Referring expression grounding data
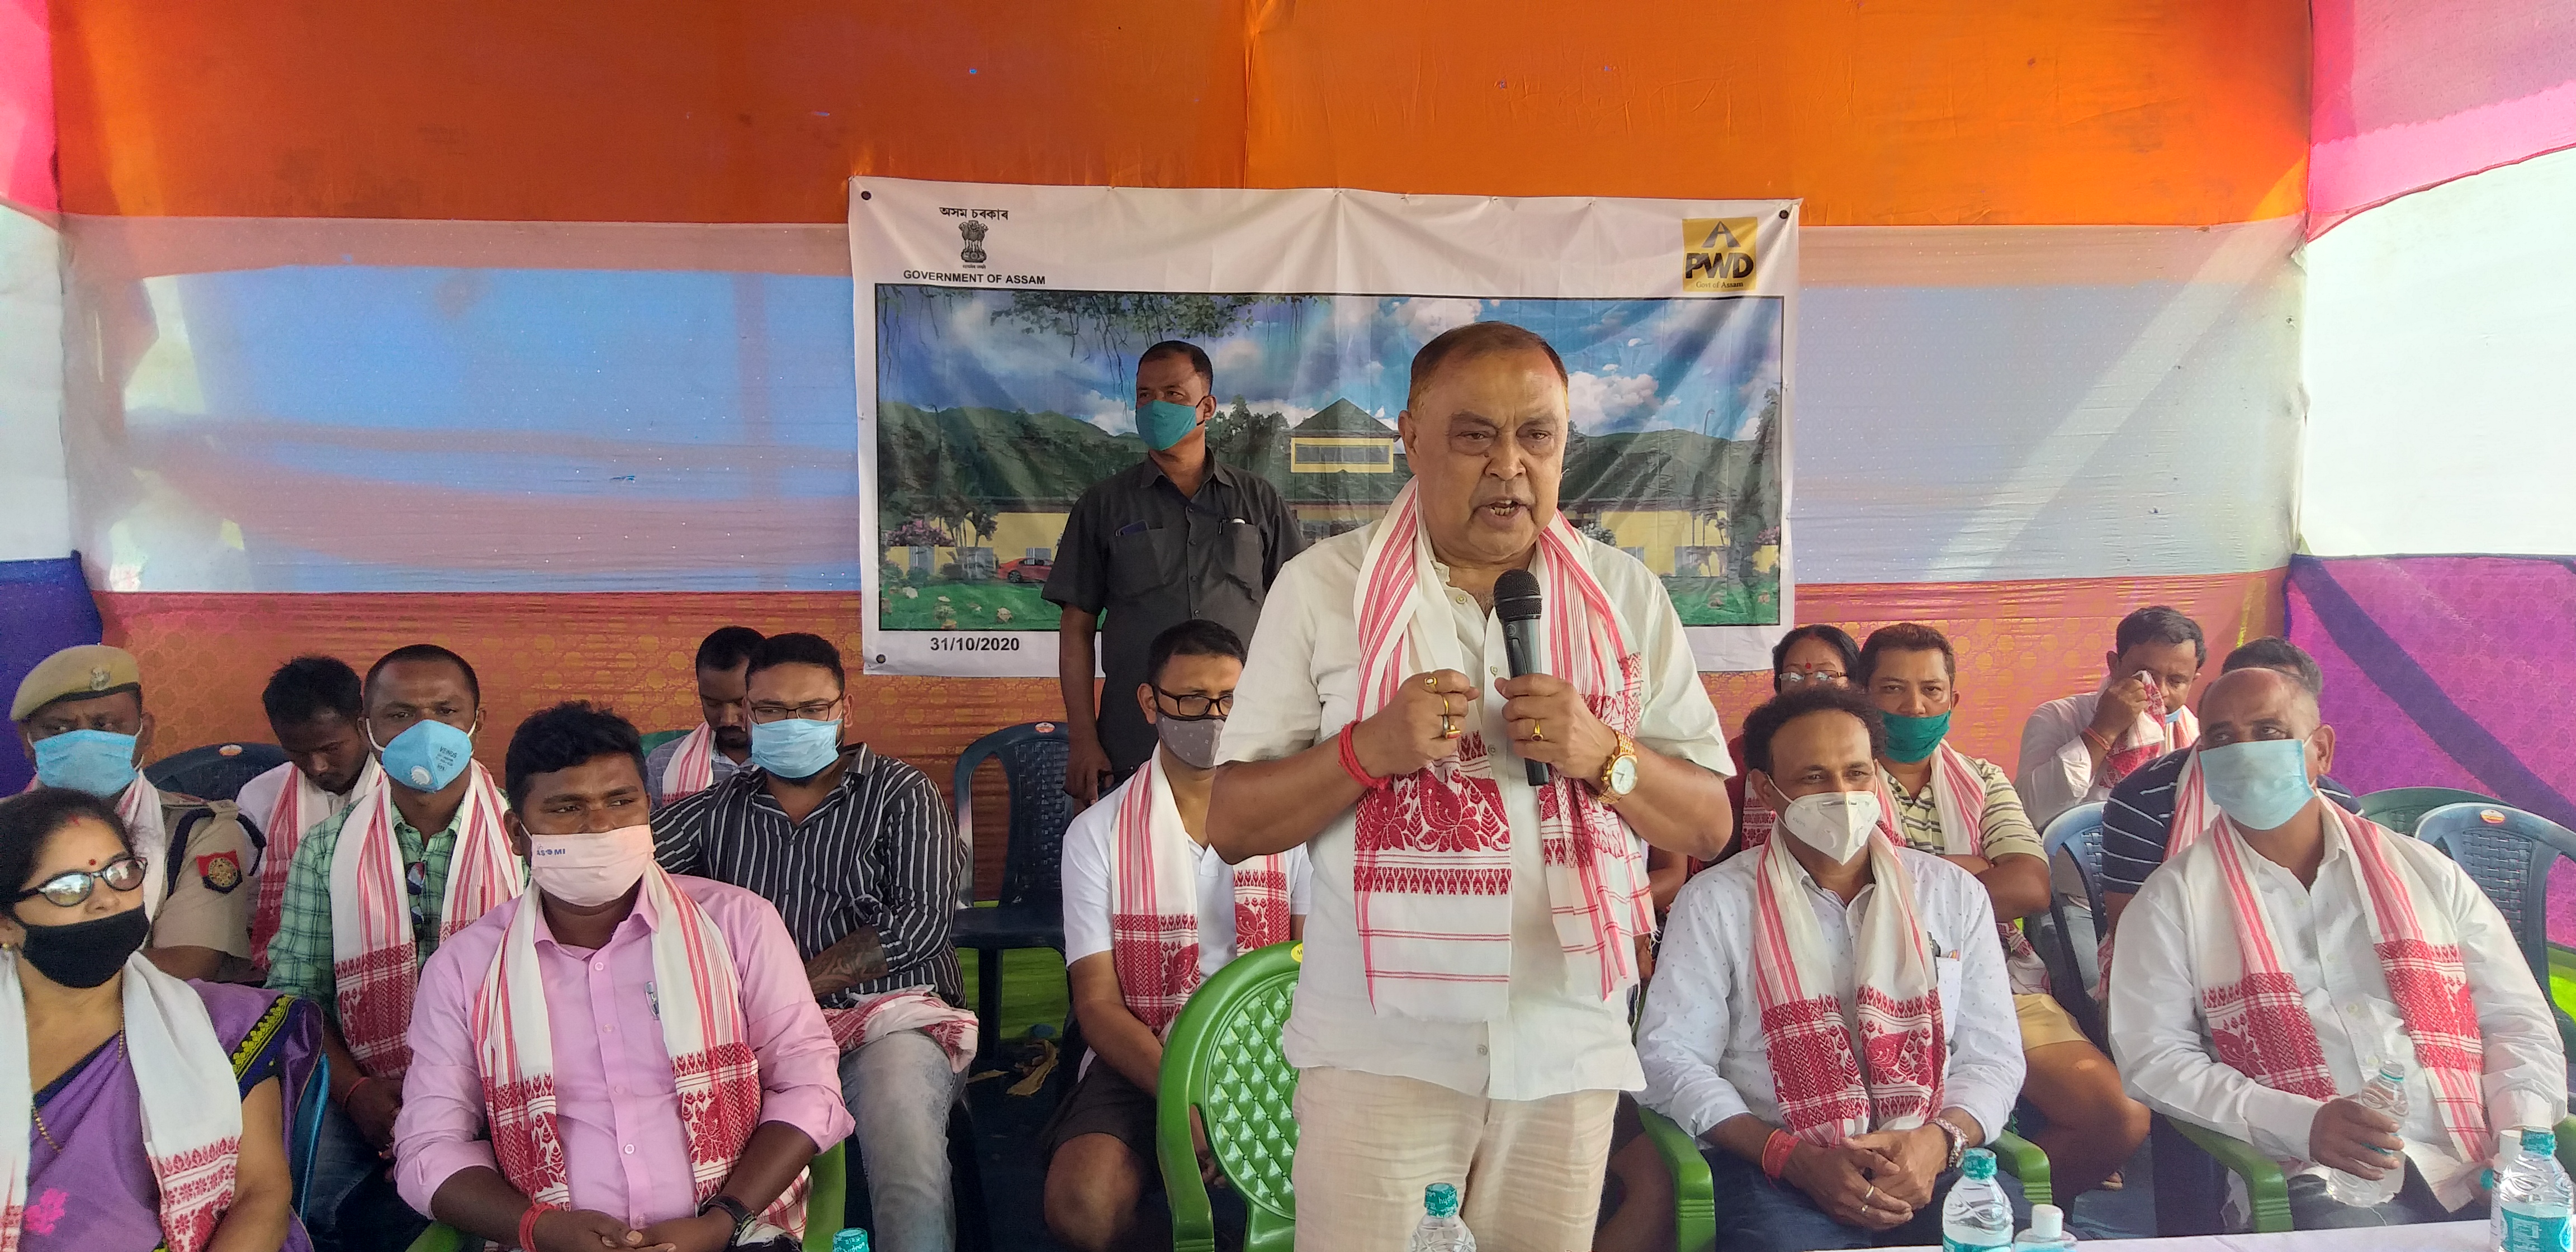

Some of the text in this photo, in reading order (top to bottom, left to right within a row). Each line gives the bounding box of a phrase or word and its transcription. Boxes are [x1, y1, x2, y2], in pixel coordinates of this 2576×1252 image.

[939, 207, 968, 219] অসম
[1685, 252, 1754, 279] PWD
[903, 270, 1045, 284] GOVERNMENT OF ASSAM
[930, 637, 1020, 651] 31/10/2020

• Problem description:
Every record, from top to bottom, gets written out exactly; no picture goes into the copy.

• Output below:
Some of the text in this photo, in reading order (top to bottom, left to right within a row). Each line gives the bounding box of a phrase or word and its transcription. Boxes are [x1, y1, x2, y2], in pixel coordinates of this 2576×1252 image.

[939, 207, 968, 219] অসম
[1685, 252, 1754, 279] PWD
[903, 270, 1045, 284] GOVERNMENT OF ASSAM
[930, 637, 1020, 651] 31/10/2020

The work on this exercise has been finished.